【人事管理】就業規則は雇用形態別に作成するのか
1.就業規則の作成・変更の届とは
常時 10 人以上の労働者を使用する使用者は、法定の事項について就業規則を作成し、労働者の過半数を代表する者等の意見書を添付したうえで、管轄する労働基準監督署に届け出なければなりません。また法定で定められなければならないとされている事項について変更した場合についても同様に届け出をしなければなりません。(労働基準法(以下は労基法といいます)第 89 条)。
最近の法令改正の一例をあげると、高年齢者の雇用に関する変更があります。
定年の引 き上げ、継続雇用制度の延長等の措置を講じる場合や、創業支援等措置に係る制度 を社内で新たに設ける場合には、労基法第 89 条の「退職に関する事項(同条第3号)」等に 該当するものとして、就業規則を作成、変更し、所轄の労働基準監督署長に届け出る必要があります。
2.就業規則の体系
就業規則と、これに付随するものとして賃金規程、退職金規程、育児介護休業規程、慶弔規程等を別規程で定めることが多いと思います。
一方で、就業規則の中に賃金・退職金・育児介護休業等に関することを全部網羅して定めても構いません。その場合は 第一編、第一章、第一項、第一条・・・・というように体系的にまとめていくことになります。定める内容が増えることに全体が膨大になることがマイナスですが、全体を通して把握しやすいというメリットもあります。

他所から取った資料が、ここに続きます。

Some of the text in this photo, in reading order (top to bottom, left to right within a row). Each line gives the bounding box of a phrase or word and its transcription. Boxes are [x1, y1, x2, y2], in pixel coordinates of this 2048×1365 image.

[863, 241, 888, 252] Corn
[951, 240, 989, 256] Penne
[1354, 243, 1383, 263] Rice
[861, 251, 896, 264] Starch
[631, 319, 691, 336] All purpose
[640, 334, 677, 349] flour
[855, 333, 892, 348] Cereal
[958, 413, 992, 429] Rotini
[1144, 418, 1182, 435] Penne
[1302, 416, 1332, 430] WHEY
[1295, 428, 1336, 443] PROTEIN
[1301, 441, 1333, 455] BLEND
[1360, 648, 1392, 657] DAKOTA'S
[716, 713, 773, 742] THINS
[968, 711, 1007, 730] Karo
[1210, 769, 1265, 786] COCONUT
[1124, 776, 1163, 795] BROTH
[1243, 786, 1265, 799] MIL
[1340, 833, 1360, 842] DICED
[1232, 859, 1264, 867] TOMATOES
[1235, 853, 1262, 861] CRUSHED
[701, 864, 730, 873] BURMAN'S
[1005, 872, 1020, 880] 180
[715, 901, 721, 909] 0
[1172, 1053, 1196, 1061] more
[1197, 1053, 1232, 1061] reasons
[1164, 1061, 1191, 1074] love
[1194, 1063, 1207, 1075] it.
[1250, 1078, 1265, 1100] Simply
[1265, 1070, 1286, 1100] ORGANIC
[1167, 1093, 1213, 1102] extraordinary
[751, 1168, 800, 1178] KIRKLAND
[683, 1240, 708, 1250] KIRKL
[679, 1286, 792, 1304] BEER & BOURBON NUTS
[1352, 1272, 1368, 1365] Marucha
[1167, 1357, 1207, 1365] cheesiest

労基法は、定めなければならない項目と、定めをしたならば記載しなければならない項目や、作成及び変更と届け出義務などを定めていますが、就業規則のまとめ方についは、決めていませんので、会社の中で運用しやすい体系で作成するとよいでしょう。
3.雇用形態別の就業規則
多くの企業が、多様な雇用形態で人を雇用していますので、雇用形態が増えるたびに、雇用形態別の規程を作成するかどうかを迷うことがあります。

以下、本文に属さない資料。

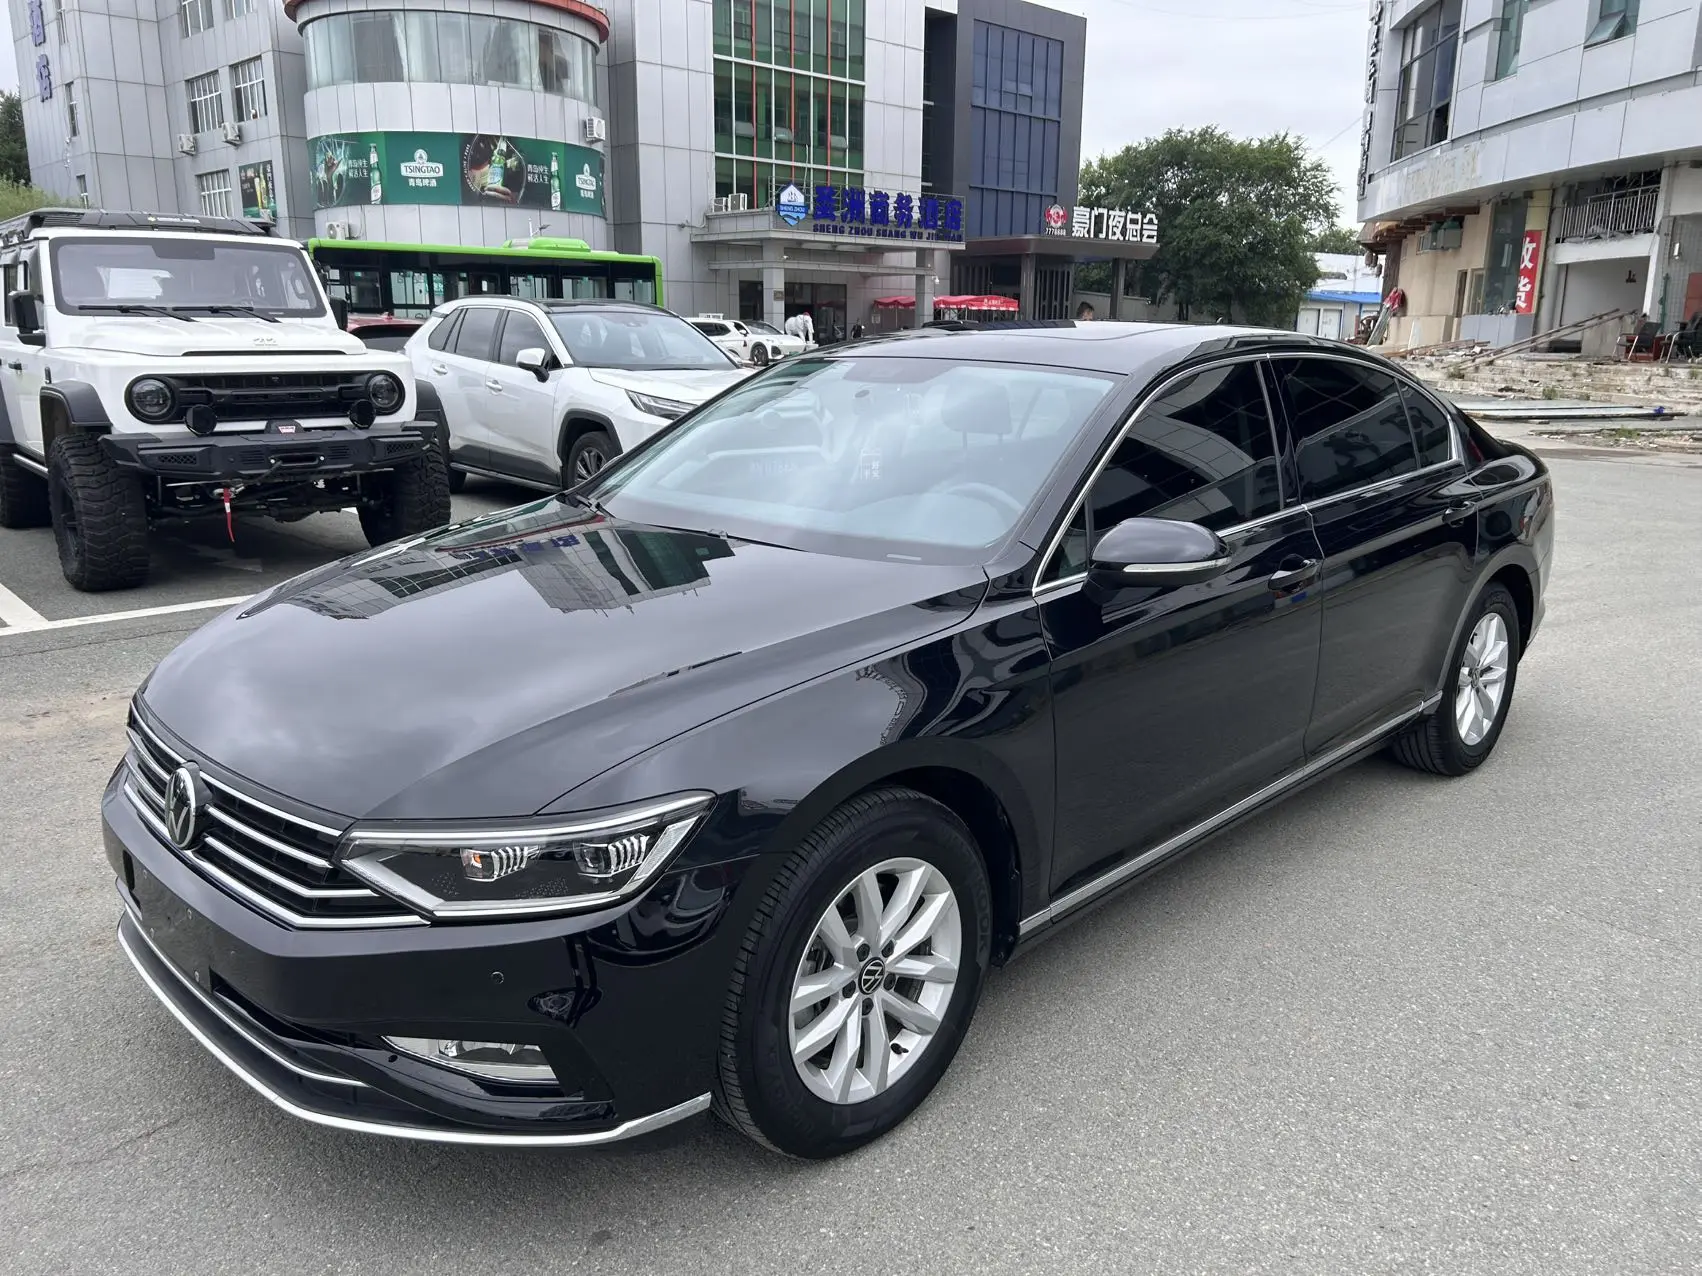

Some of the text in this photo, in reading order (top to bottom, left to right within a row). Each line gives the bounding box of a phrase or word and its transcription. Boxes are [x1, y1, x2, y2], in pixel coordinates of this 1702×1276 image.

[404, 165, 440, 175] TSINGTAO
[812, 223, 846, 235] SHENG
[848, 226, 873, 237] ZHOU
[876, 228, 907, 239] SHANG
[910, 230, 923, 240] WU
[1072, 206, 1159, 244] 豪门夜总会

一つの規程で管理をするならば、一つの条文の中に「正社員はこうする。パートタイマーはこうする。」というように雇用形態別の労働条件などを並べて規定することもできますが、正社員就業規則・パートタイマー就業規則・嘱託就業規則・勤務地限定社員就業規則・・・・というように雇用形態等の区分ごとに就業規則を定めることもできます。

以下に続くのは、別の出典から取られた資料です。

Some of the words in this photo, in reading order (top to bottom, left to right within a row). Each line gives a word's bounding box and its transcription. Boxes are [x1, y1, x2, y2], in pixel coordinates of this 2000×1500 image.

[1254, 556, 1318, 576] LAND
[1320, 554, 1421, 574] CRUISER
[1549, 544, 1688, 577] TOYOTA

これについても、雇用形態別に定めるか否かを労基法は言及していませんので、会社の中で運用しやすい体系で作成するとよいでしょう。
雇用形態別に就業規則を制定すると、社員にとっては、自分が適用される就業規則が明確になっていた方がわかりやすいというメリットがあります。
ただし、雇用形態別等で制定すると、規定内容を変更する際には、全部の規程の変更をしなければなりませんので、作業量は増えます。また、訂正漏れがないように注意しなければなりません。たとえは、ハラスメント防止規定を変更する時であれば、それぞれの雇用形態別就業規則の該当条文を変更することになります。
尚、就業規則は労働者へ周知しなければならない(労基法106条)ため、パートタイマーや嘱託社員に正社員就業規則を見せないといようなことはできません。そもそも、正社員とパートタイマー等の労働条件に差があるときなどは、差があることについて合理的な理由を説明する必要があります。
そして大事なことは、雇用形態などによる労働条件の違いが、合理的で適切な範囲内の差であるかどうかを常に検証することではないでしょうか。その為には、主な労働条件項目を雇用形態等で比較する一覧を作成して整理したうえで、各規程に落とし込んでいくと誤りがなく進めることができると思います。
労働条件一覧の例
【コンサルタントプロフィール】
大関ひろ美
(株式会社ブレインパートナー 顧問)
三重県四日市市出身。
ワンズライフコンパス(株)代表取締役、ワンズ・オフィス社労士事務所 代表。1981年~ 三菱油化(現、三菱ケミカル)株式会社の人事部門に約9年間勤務。1992年社会保険労務士資格を取得(その後特定社会保険労務士を付記)。 1996年~ 外資系生命保険会社ほか勤務、北九州市嘱託職員として介護保険導入に携わる。2001年~ 社会保険労務士事務所を開所独立。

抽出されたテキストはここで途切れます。